Lily James, Cate Blanchett, Richard Madden
Visually impressive, wholesome and fun
Kenneth Branagh's live action adaptation of Cinderella is a delightful rendition, if surprisingly traditional, that honours the classic fairy tale with a sweet, humorous and earnest treatment befitting a Disney film.
It is also a lavish, big-budget visual feast of extravagant costumes, idyllic country settings and an opulent royal household. The cast is stellar, with Cate Blanchett as Cinderella's stepmother, Derek Jacobi as the king, Stellan Skarsgard as the king's adviser, and Helena Bonham Carter as the Fairy Godmother. It's Cinderella who really matters though, and Branagh has cast well with Downton Abbey's Lily James (Lady Rose) stepping into the role.
James manages to convey Cinderella's sweetness without making her nauseating, which is quite an effort given Cinderella is thoughtful, kind, and perhaps annoyingly good. She also has a lovely chemistry with her Prince, played by Richard Madden, which is as intellectual as it is physical, and stands her ground alongside Blanchett, who has a ball hamming up the evil stepmother.
Actually, they all seen to be having fun, with Branagh wavering at times but generally keeping the tone just the right side of corny; opting for funny, warm and heartfelt when it could have easily been soap opera silly.
Although still taking its origins from the 1950s animation with its period setting and determination to be an enchanting fairy tale, Branagh has created a 21st century version - mercifully, the singing has gone, and birds are few and far between, and the mice and animal chit-chat is minimal.
Watch: Trailer: Disney's Cinderella
More importantly, he's given Cinderella an awareness of her situation; she needs a dress and ride to the ball, but she in no way needs rescuing. Her connection to the prince is genuine, in stark contrast to her vapid stepsisters, who represent the modern-day obsession with all things celebrity.
There are some truly magical scenes, the dress Cinderella wears when she descends into the ballroom to dance with the prince will replace Elsa's frocks as the costume of choice for young girls, and Helena Bonham Carter provides much hilarity as the "off-her-game" fairy godmother, including destroying a glasshouse when attempting to turn a pumpkin into a carriage.
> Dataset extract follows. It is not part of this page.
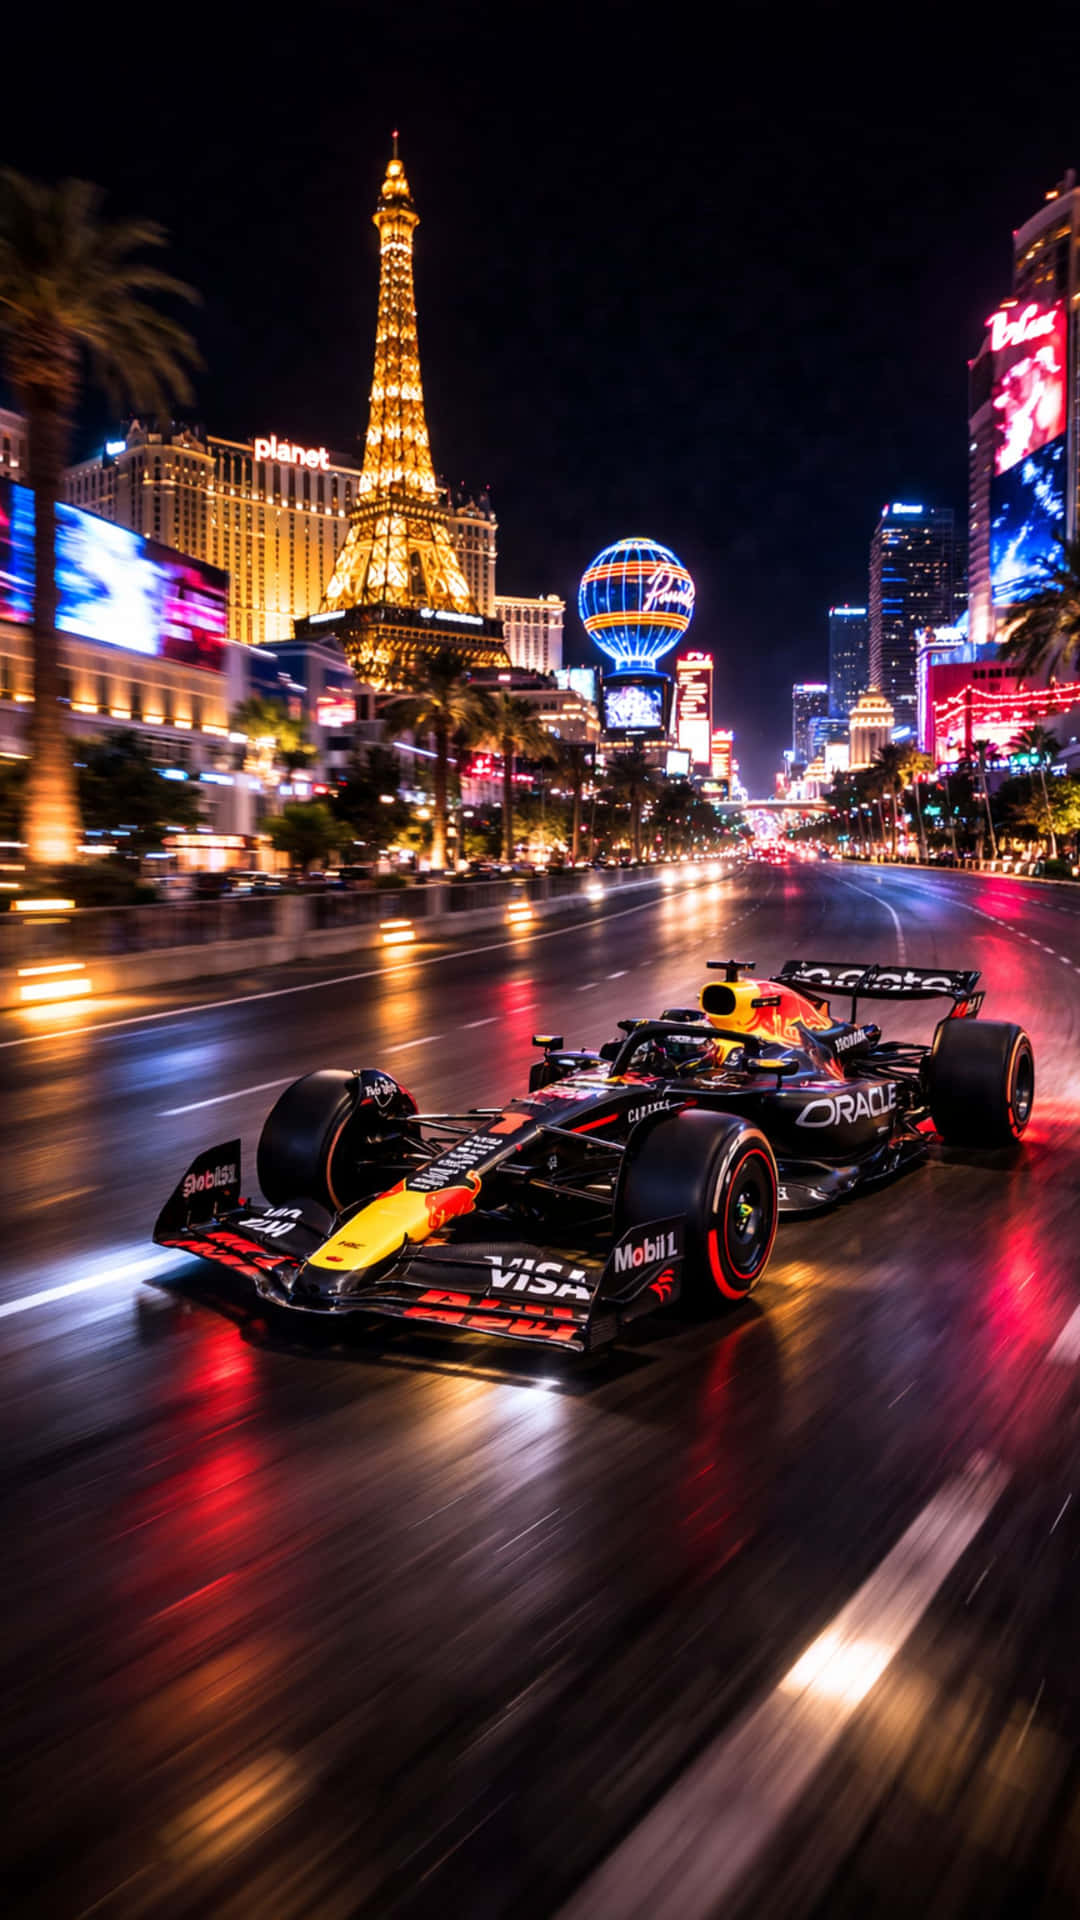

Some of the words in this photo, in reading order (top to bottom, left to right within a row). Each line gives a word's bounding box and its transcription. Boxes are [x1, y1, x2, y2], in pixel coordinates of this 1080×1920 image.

[254, 434, 330, 471] planet
[795, 1083, 897, 1128] ORACLE
[484, 1255, 591, 1300] VISA
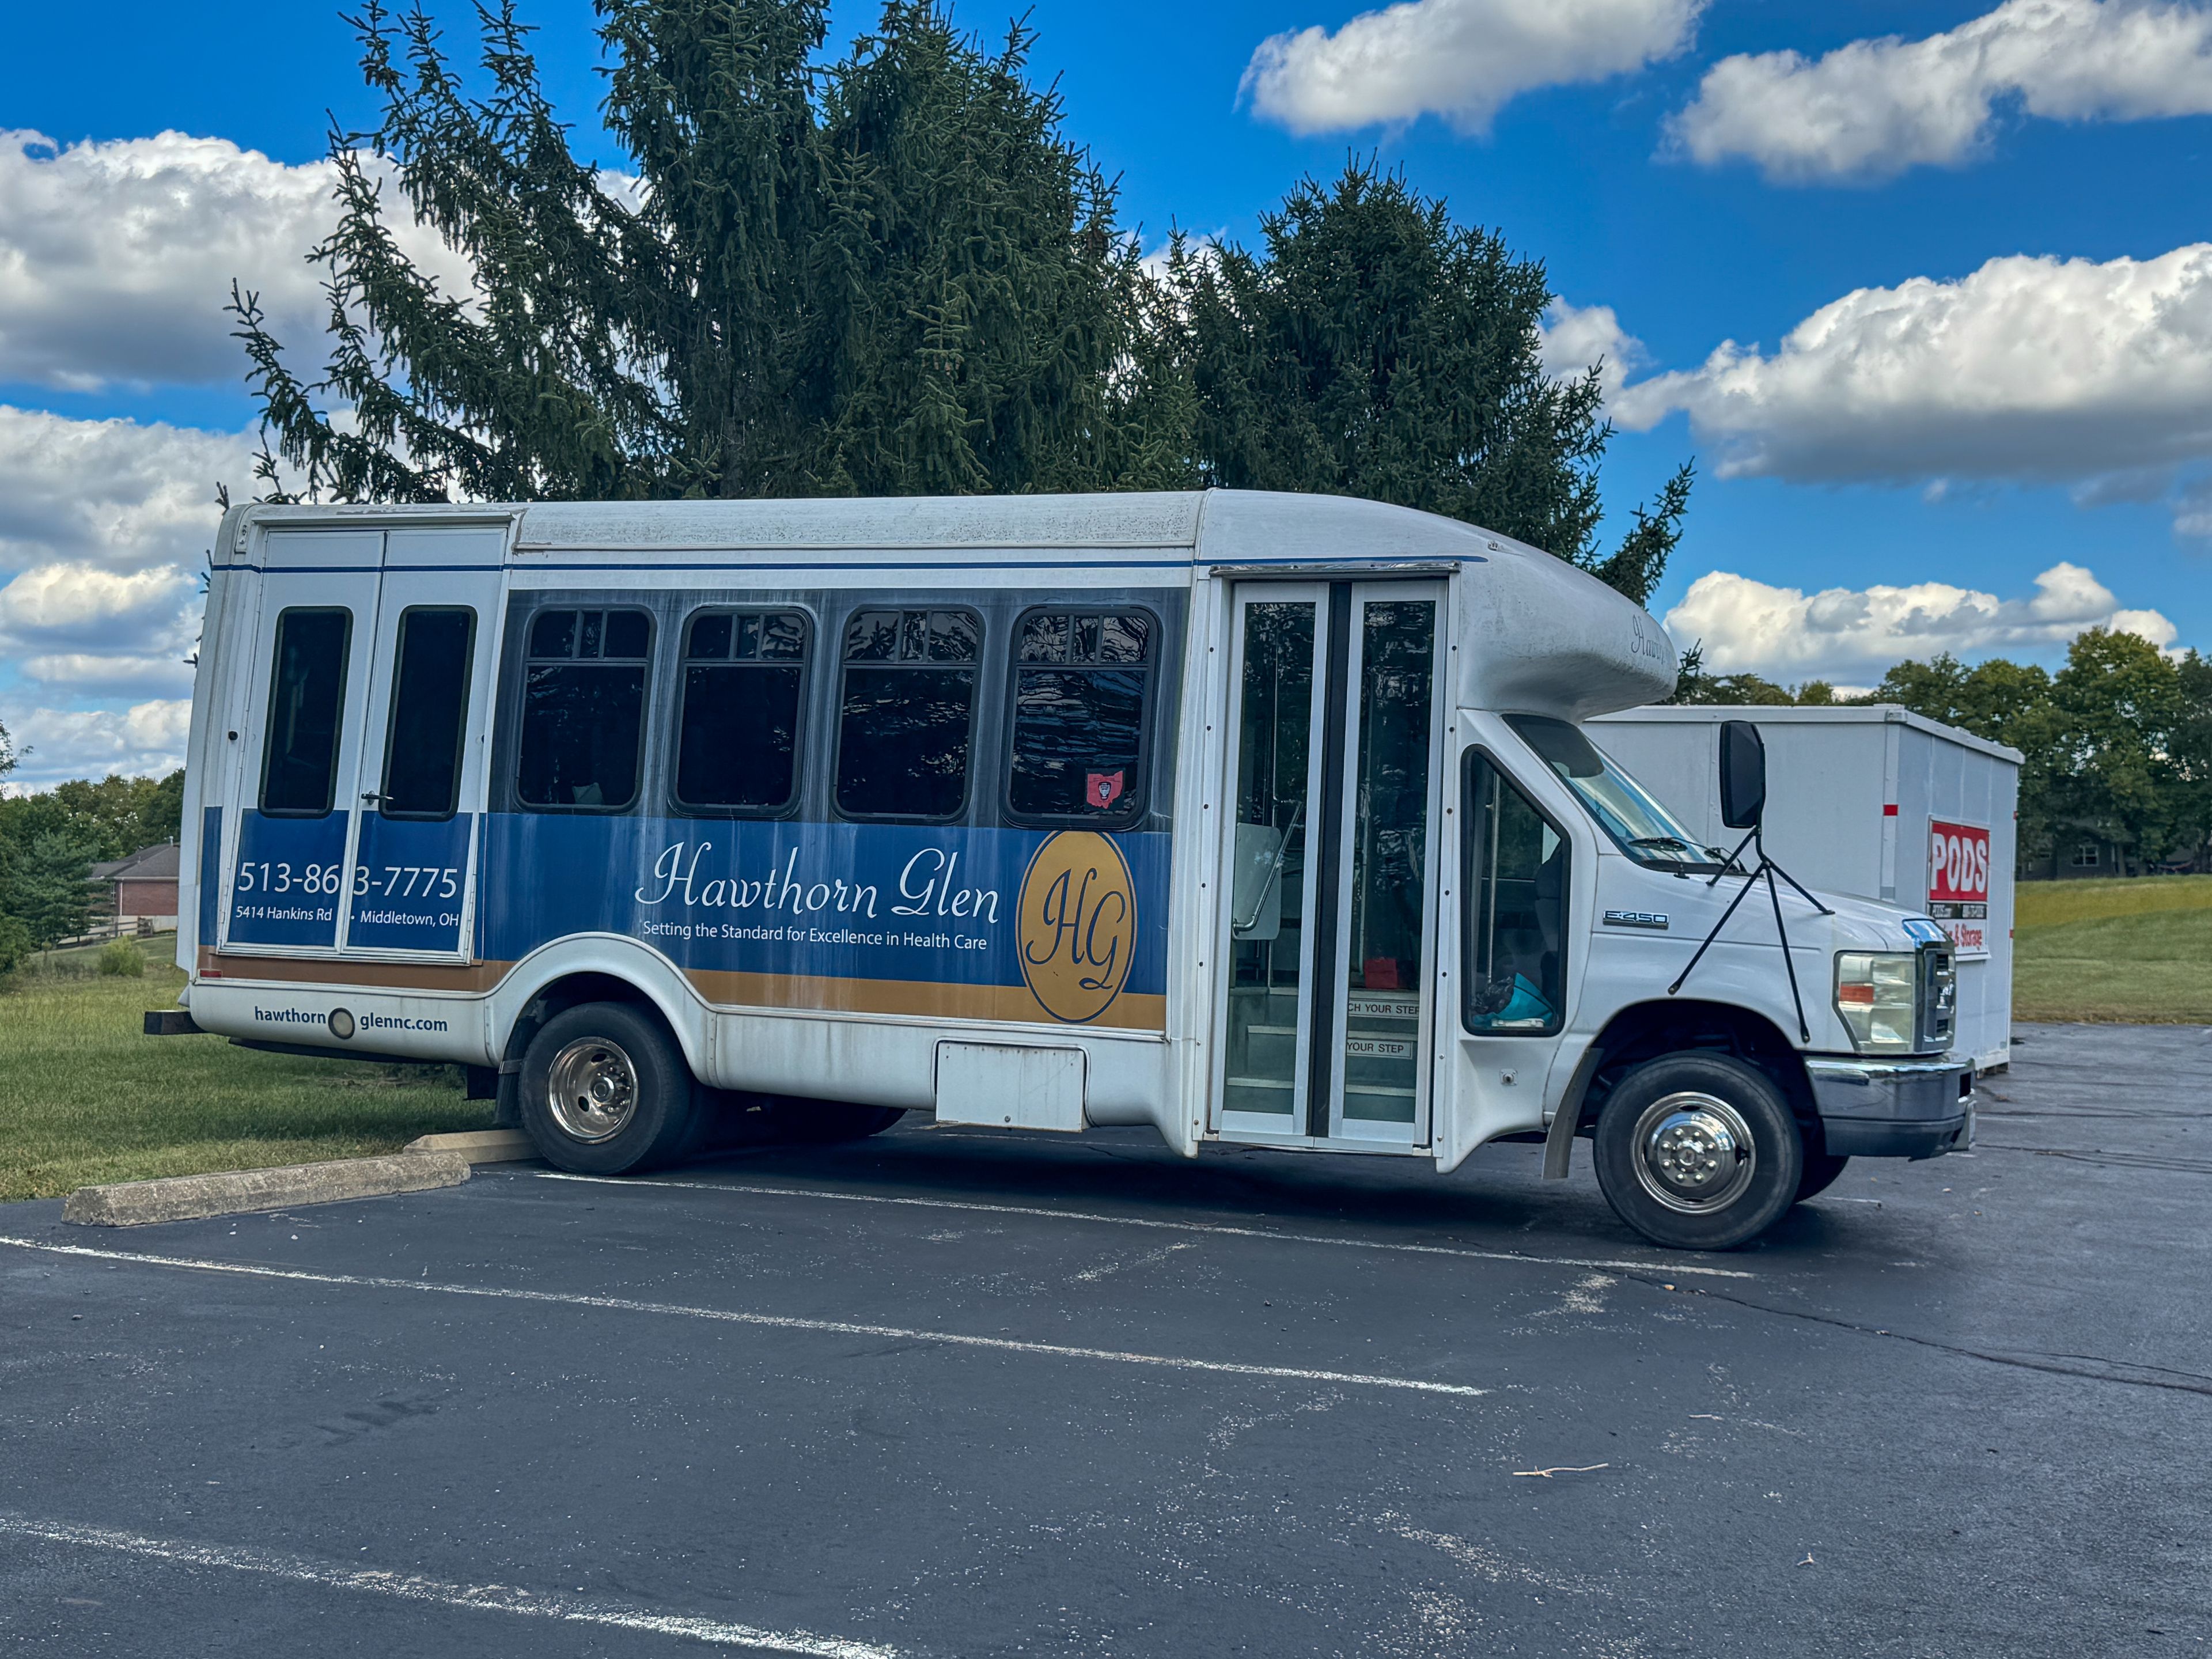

A highlight is Rob Brydon in a cameo role that's just plain odd; you wonder if Branagh bumped into him at Pinewood Studios and just asked him to improvise a scene. Cast as a court painter hired to paint the prince, he completely steals this show with his deadpan humour.
For all this though, the pacing of the film does waver at times, but those lamenting the lack of old-fashioned family films should savour this lovely retelling - it doesn't get much more wholesome.